We were instructed to go share. So I told him what I think he needs to do to fix this situation (but he can’t yet because he just left on vacation so the clients sit and wait in the echoing silence that will be my absence).  I tell him that I can’t for the life of me figure out why he has refused to use me as a valuable resource, that he never had to do this alone, that working as a team is a good thing.  Why has he never come to me for help with anything that is clearly in my purview?  I have never understood that I tell him. He says he’s sorry.  Yeah, okay, whatev.

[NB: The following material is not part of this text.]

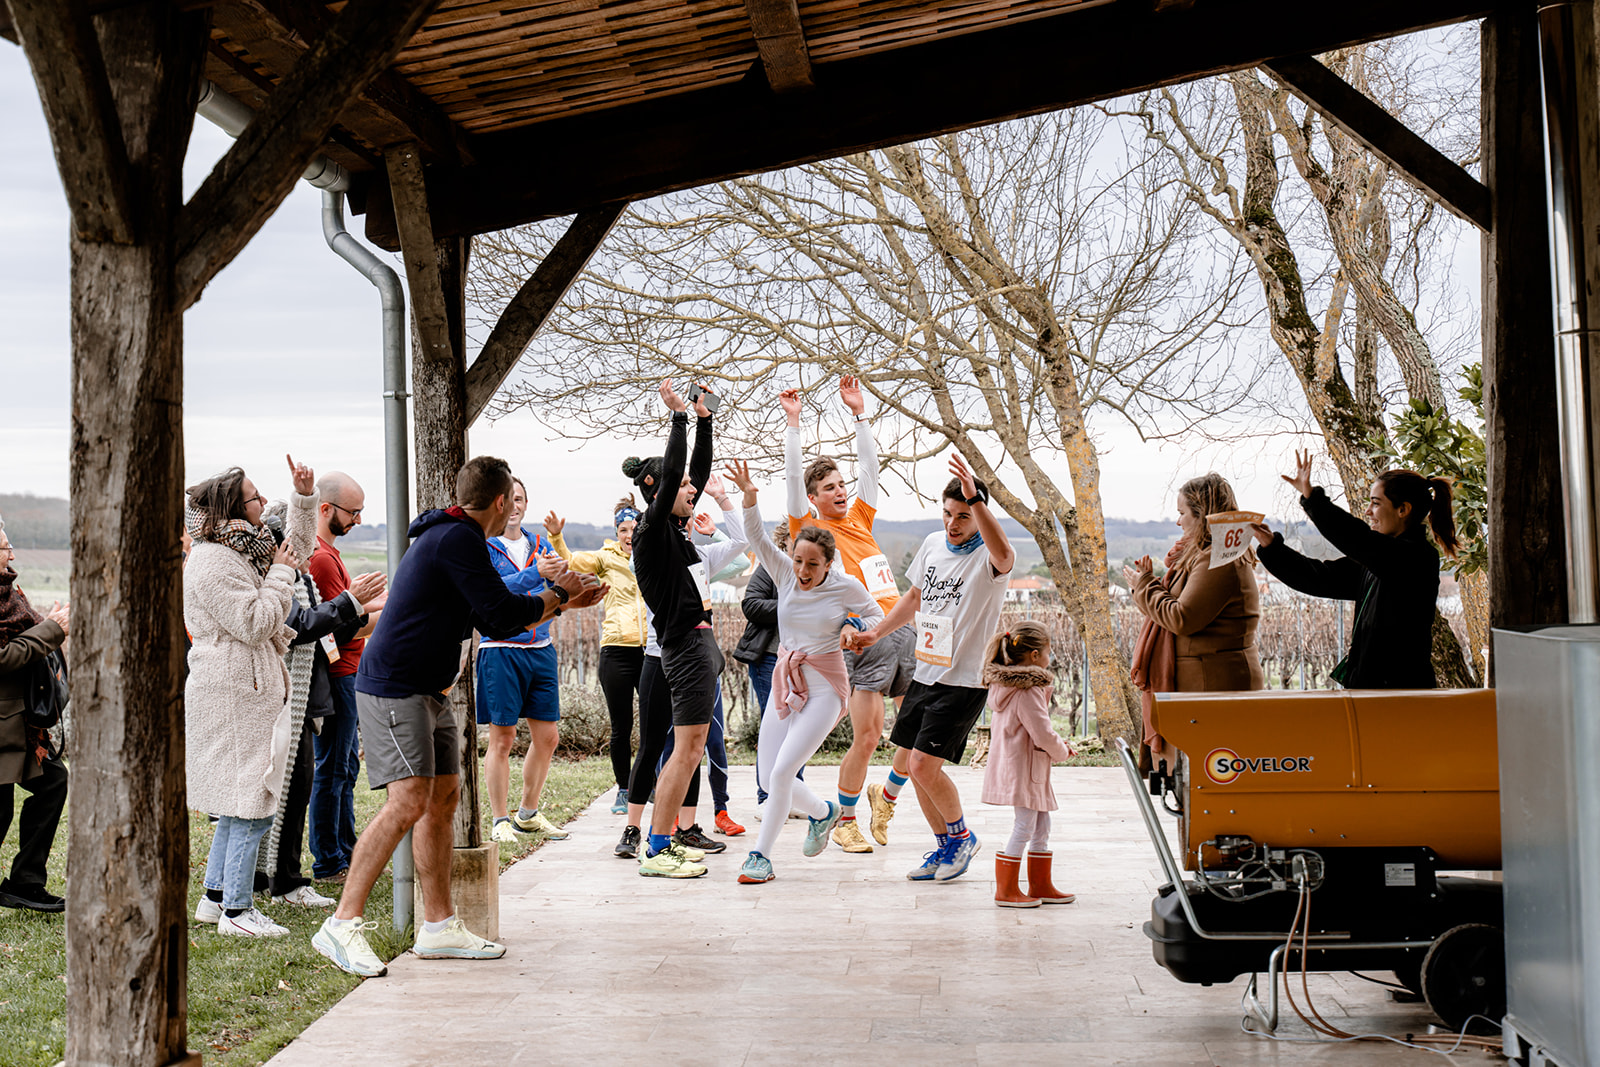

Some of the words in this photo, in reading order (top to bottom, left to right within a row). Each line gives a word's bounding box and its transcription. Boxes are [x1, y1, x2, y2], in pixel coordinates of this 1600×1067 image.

[1224, 528, 1244, 549] 39
[924, 631, 934, 649] 2
[1216, 757, 1312, 773] SOVELOR

Done. Over. Fini.  Woo the Fucking HOO!!!!!

Dear Big Kahuni

When I gave my notice I contacted all the web clients (I think I told you this) and let them know I was leaving and had them send me as much as they could before my last day.  I knew there would be a temporary drought. And send they did.  They are very up to date and ready to go for a period of time without updates.  I am glad that this is so.  The site #4 is close to launch too.  Tomorrow or Friday at the latest.

It came to my attention this morning that our web clients have been told that we will no longer be providing services to them. I suspected something like this was happening. They were given nothing else except the fact that they can let their web files live on our servers as long as they like/need.  But with no updates or assistance. With Autumn quarter coming up this was hardly sufficient.  No contacts, no procedures, no migration assistance, no planning strategies.  Nothing. Continue reading

Dear Abby

Someone just sent me this saying:

“I didn’t know you wrote Dear Abby…”

DEAR ABBY: I read an article in our local paper a while ago that said good employees who leave a company usually do so because of their boss.

With that in mind, I would like to bring closure to my recent resignation with the following open letter to my former boss:

“Thanks for asking me to stay on, but I respectfully decline. I will be self-employed from now on. However, if in the future I ever feel the need to be publicly humiliated, blind-sided, ostracized and called a spy, be distrusted and disciplined by superiors for no good reason, fight for wages that are rightfully mine, stabbed in the back by fellow employees, used as a pawn in executive rivalries, or (especially) chewed out when you’re having a bad day, I’ll get back to you!” — MOVING ON IN NEW MEXICO

I struck out those that don’t apply…

A similar article

Did I mention…

…that I only have four days left?

I woke up this morning and found myself thinking that next Monday will probably feel very much different.  And I won’t be on vacation.   As much as I plan and intend and all that I find myself very eager to see what it feels like to be my own boss.  And I realize I always have been my own boss.  While anyone who has the power to hire and fire me might think they are my boss, the  reality is that I choose to be there where ever that there might be.

And from now on my attitude about who is my boss is different. How could it not be.

Who da boss? I’m da boss.

What is that going to feel like?

I have short timer’s disease like no one’s business.  OMG.  This is the last time I will have to get out this blasted enews.  This is the last time I will have to sit through his droning on and on about edits as if I can’t frikking read them.

I only have to get through one more meeting with him and I’m done.  I won’t even have to sit next to him at lunch on Thursday.  One more speech about how much he values my work.

I’m jumping for joy.  Jumping out of my skin.

What is it about my life that attracts so many weird men?  I’m not inclined to think it’s simply a Man Thing because I know so very many truly cool men.  But boy the weirdos do seem to show up in my life…  I’m gonna work on manifesting something else entirely asap.